For a string P with characters P1, P2,…, Pq, let us denote by P[i, j] the substring Pi, Pi+1,…, Pj.

Defining longest common prefix

LCP(S1, S2,…, SK), is defined as largest possible integer j such that S1[1, j] = S2[1, j] = … = SK[1, j].

You are given an array of N strings, A1, A2 ,…, AN and an integer K. Count how many indices (i, j) exist such that 1 ≤ i ≤ j ≤ N and LCP(Ai, Ai+1,…, Aj) ≥ K. Print required answer modulo 109+7.

Note that K does not exceed the length of any of the N strings. K <= min(len(Ai)) for all i

For example,

A = ["ab", "ac", "bc"] and K=1.

LCP(A[1, 1]) = LCP(A[2, 2]) = LCP(A[3, 3]) = 2
LCP(A[1, 2]) = LCP("ab", "ac") = 1
LCP(A[1, 3]) = LCP("ab", "ac", "bc") = 0
LCP(A[2, 3]) = LCP("ac", "bc") = 0

So, the answer is 4. Return your answer % MOD = 1000000007

Constraints

1 ≤ Sum of length of all strings ≤ 5*105. Strings consist of small alphabets only.

Here is my approach:

class Solution:
    # @param A : list of strings
    # @param B : integer
    # @return an integer
    def LCPrefix(self, A, B):
        res = 0
        for i in xrange(len(A)):
            prev = A[i]
            prevLCP = len(A[i])
            for j in xrange(i, len(A)):
                prevLCP = self.getLCP(prev, A[j], prevLCP) 
                prev = A[j]

                if prevLCP >= B:
                    res += 1

        return res % 1000000007

    def getLCP(self, A, B, upto):
        i = 0
        lim = min(upto, len(B))
        while i < lim:
            if A[i] != B[i]:
                break

            i += 1

        return i

The time complexity of this algorithm is O(n^2*m), where n is the length of the list and m is the maximum length of the string.

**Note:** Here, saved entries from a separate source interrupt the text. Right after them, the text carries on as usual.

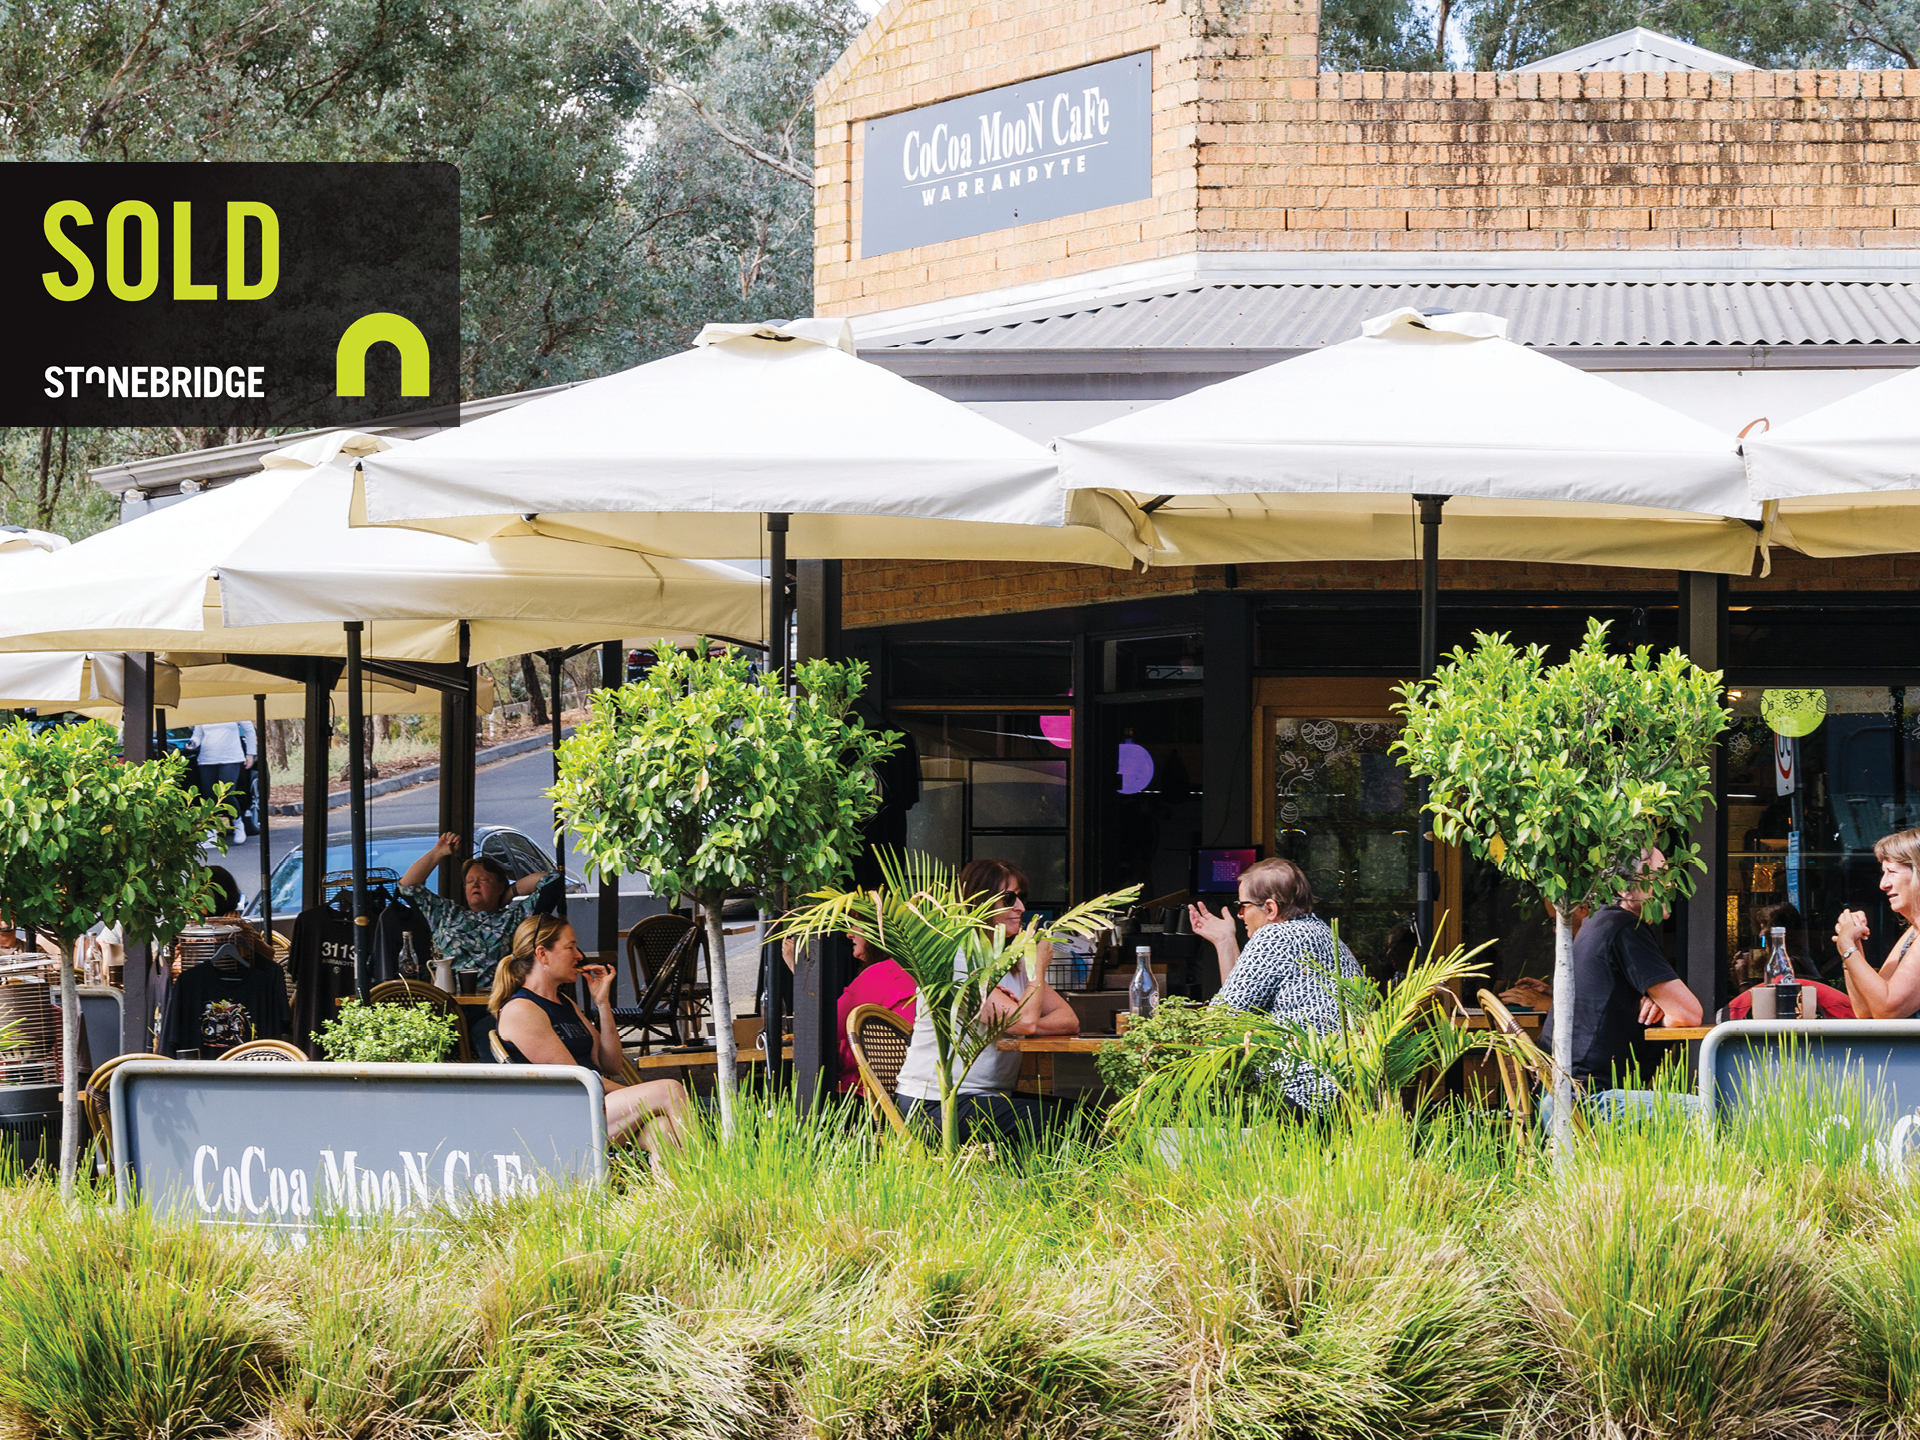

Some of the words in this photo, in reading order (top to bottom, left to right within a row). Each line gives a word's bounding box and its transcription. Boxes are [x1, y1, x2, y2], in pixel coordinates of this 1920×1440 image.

[903, 123, 972, 181] CoCoa
[979, 100, 1045, 166] MooN
[1052, 87, 1110, 147] CaFe
[922, 155, 1087, 206] WARRANDYTE
[321, 941, 357, 960] 3113
[193, 1145, 311, 1216] CoCoa

The online judge (InterviewBit) does not accept this solution in terms of time complexity. Can anyone think of a way to improve it?

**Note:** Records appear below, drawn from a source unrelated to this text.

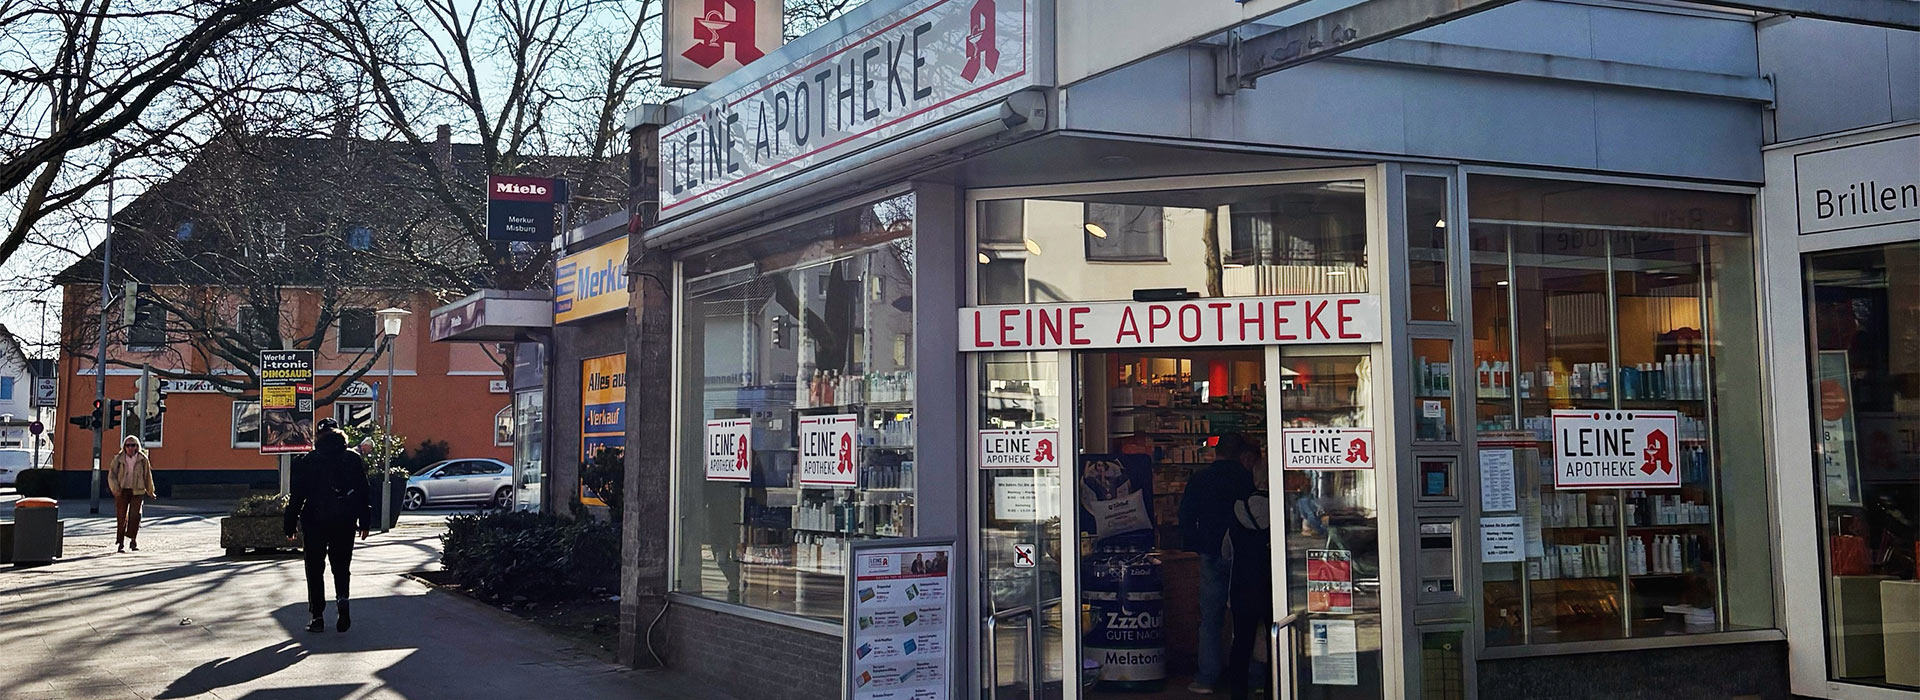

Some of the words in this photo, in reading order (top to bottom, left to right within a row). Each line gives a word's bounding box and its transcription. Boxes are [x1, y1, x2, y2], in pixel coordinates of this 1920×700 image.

[672, 112, 739, 195] LEINE
[755, 22, 932, 163] APOTHEKE
[496, 183, 547, 195] Miele
[1816, 180, 1918, 219] Brillen
[506, 225, 536, 233] Misburg
[975, 307, 1091, 347] LEINE
[1116, 299, 1362, 345] APOTHEKE
[263, 360, 308, 368] i-tronic
[262, 369, 312, 378] DINOSAURS
[176, 381, 218, 391] Pizzeri
[588, 373, 610, 391] Alles
[710, 433, 735, 456] LEINE
[804, 432, 836, 457] LEINE
[986, 439, 1030, 453] LEINE
[1291, 438, 1341, 453] LEINE
[1563, 428, 1636, 457] LEINE
[710, 459, 735, 472] APOTHEKE
[986, 455, 1030, 463] APOTHEKE
[1292, 455, 1341, 464] APOTHEKE
[804, 461, 836, 475] APOTHEKE
[1566, 461, 1636, 477] APOTHEKE
[1106, 630, 1134, 640] GUTE

  • Hint: it's possible in O(n * K) without using any fancy datastructures. – Peter Taylor Jul 26 '16 at 7:28

Note: although I hinted in a comment that there's a O(n * K) solution, I'm deliberately not going to give it to you (and I hope that by bumping the question to the front page I don't cause someone else to) because in my opinion the point of challenge websites is for you to learn by doing, and you will learn more effectively by figuring it out yourself with hints than by getting the solution on a plate. However, I do have some comments on your code.

class Solution:
    # @param A : list of strings
    # @param B : integer
    # @return an integer

It's useful to document the expected type, but it's more useful to document the meaning. Here B is the K of the problem specification, but I shouldn't have to work that out myself. The parameters would benefit from descriptive names, and the @return should outline what the integer returned means.

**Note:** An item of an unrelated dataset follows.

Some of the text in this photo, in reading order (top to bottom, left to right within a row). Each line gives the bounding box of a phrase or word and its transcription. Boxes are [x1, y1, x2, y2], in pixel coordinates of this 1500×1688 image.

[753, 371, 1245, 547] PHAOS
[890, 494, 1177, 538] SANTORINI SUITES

    def LCPrefix(self, A, B):
        res = 0
        for i in xrange(len(A)):
            prev = A[i]
            prevLCP = len(A[i])
            for j in xrange(i, len(A)):
                prevLCP = self.getLCP(prev, A[j], prevLCP) 
                prev = A[j]

There's a possible minor optimisation here: when j == i you already know the LCP, but you calculate it again. In my opinion it would be worth duplicating the simple test if prevLCP >= B: res += 1 before the loop, and only considering j > i. As a bonus, you would no longer need to track prev because you would always be testing the common prefix of A[j-1] and A[j]. (Hint: does that give you any ideas for optimisation?)

Why the update to prevLCP? I can figure it out, but a comment (and a better name - because the value of prevLCP isn't the previous LCP) would be useful.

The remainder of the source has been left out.